The violinist is Paul Abegg, who is a Professor of Music at Utah Tech University where he is the Director of String Studies and conducts the University Orchestra.
Dr. Abegg has presented master classes and served as a musical adjudicator throughout the United States. His students have won awards and have been accepted at prestigious music schools and festivals such as Boston Conservatory. Michigan State University, Indiana University, National Orchestral Institute and Brevard Music Center. As a soloist he has performed throughout the United States as well as in Japan, Brazil, France and England. His chamber music experience in addition to the Zion Trio includes studies at Kneisel Hall (ME), the Colson String Ensemble in France among others. He served as a concert master of the Southwest Symphony for five years. Other orchestral experience includes performances with the Lansing, Jackson, Flint, Kalamazoo, Flagstaff, Utah, Ballet West, Phoenix, Spokane and the Malaysia Philharmonic orchestras. In 2007he performed in the Northwest Bach Festival under the direction Gunther Schuller. His participation in orchestra festivals include the Gilmore Piano Competition Orchestra (MI), Pine Mountain Music Festival ((MI), Brevard Music Center (NC), National Orchestral Institute (MD), Great Music West Festival (UT), Bear Lake Music Festival (UT), and the Grand Teton Music Festival Seminar (WY). Dr. Abegg has recorded extensively for film and television scores. He has performed with Celtic Woman, Mannheim Steamroller, Donny Osmond, Peter Cetera, Natalie Cole, and Marvin Hamlisch and classical artists which include Audra McDonald, Leon Fleischer, Marilyn Horne, Peter Serkin, Ellen Zwilich, Fredricka Von Stade, Mark O'Connor, Peter Schickele, Elmer Oliveria, Cathleen Battle, and Gil Shaham.
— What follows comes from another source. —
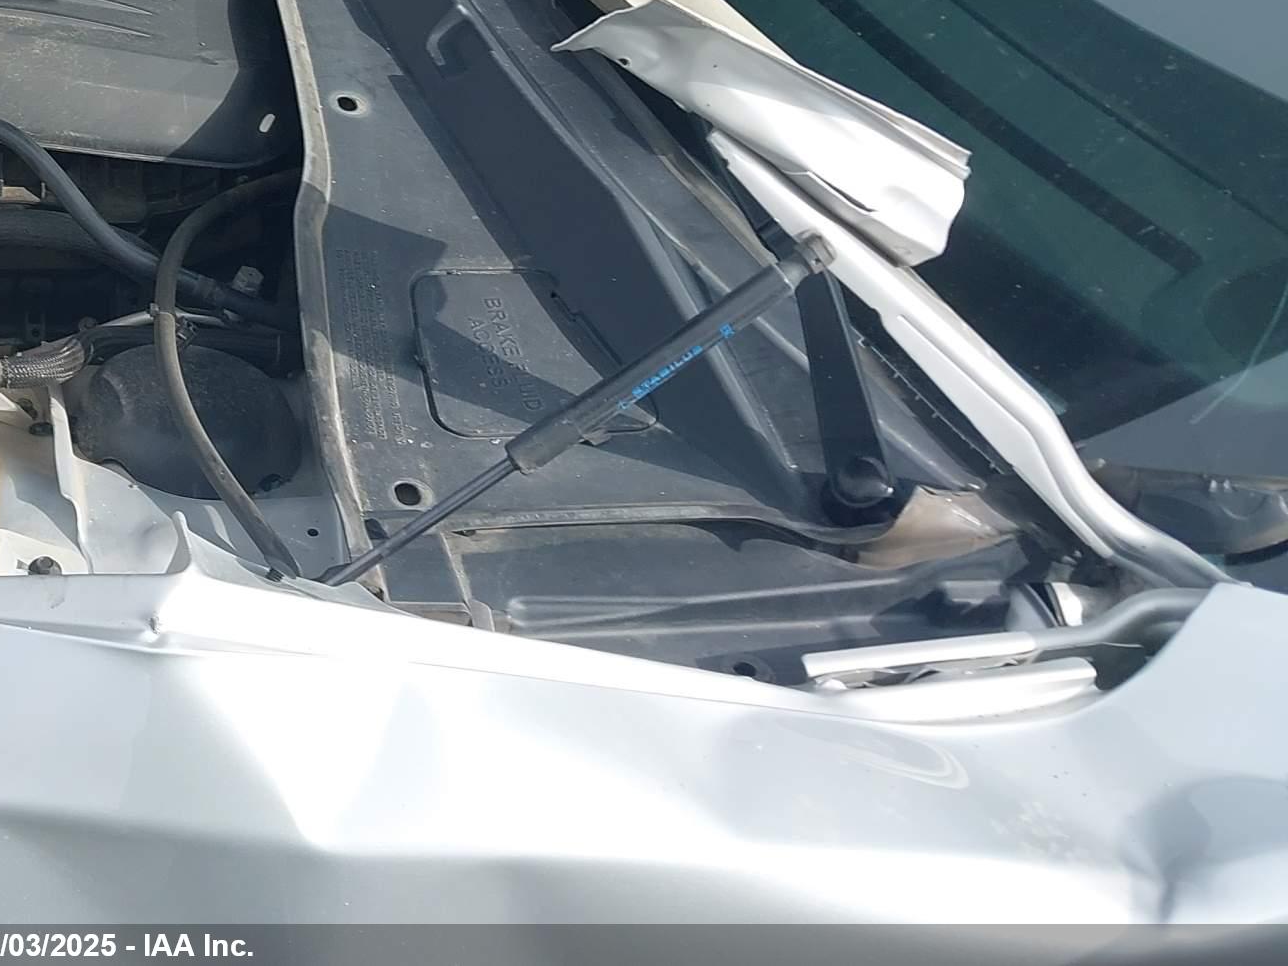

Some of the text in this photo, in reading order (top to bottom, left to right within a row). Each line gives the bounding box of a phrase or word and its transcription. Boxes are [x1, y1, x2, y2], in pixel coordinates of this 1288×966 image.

[467, 316, 510, 388] ACCESS
[483, 296, 545, 413] BRAKE FLUID
The cello is played by Dr. Ka-Wai Yu who is a Associate Professor of Music at Utah Tech University, where cello and string chamber music.
He previously taught at Eastern Illinois University and Indiana Wesleyan University. In great demand as a clinician, Dr. Yu has given master classes in numerous universities and institution in North America and Asia. He is the Director of the Castle Rock String Camp. He has also taught in music camps and workshops in Illinois, Georgia and Michigan, as well as in Hong Kong. Dr. Yu is past president of the Utah Chapter of the American String Teachers Association. He co-founded the Cello Society of Southern Urah and directs the annual Cello Festival of Southern Utah. He also serves on the Southern Nevada Symphony Orchestra President's Advisory Council. Currently the Principal Cellist of the Southwest Symphony Orchestra, Dr. Yu has performed in Canada, China, Germany, Japan, Singapore, South Korea, Taiwan and the United States. He is a vivid chamber musician and is a founding member of the Zion Trio and the period-instrument ensemble Cosmopolitan Baroque. He has appeared in the Aspen Music Festival, Boston Early Music Festival, among others. His performances have been broadcast on RTHK and WILL-FM. His transcription of Robert Schumann's Cello Concerto for cell and string quartet has been published by A-R Editions, Inc. Dr. Yu obtained his Doctor of Musical Arts degree from the University of Illinois, Urbana-Champaign, where hie studied with cellist Brandon Vamos of the Grammy-winning Pacifica Quartet. He also holds a Master of Music in Cello Performance from the Indiana University Jacobs School of Music and a Bachelor of Arts in Music with first-class honors from the Chinese University of Hong Kong. His major mentors have included Helga Winold, Csaba Onczay, David Starkweather and Ming-Yuen Chueng. He has also studied chamber music with members of the American String Quartet, Tokyo String Quartet, Pacifica Quartet and Parker Quartet.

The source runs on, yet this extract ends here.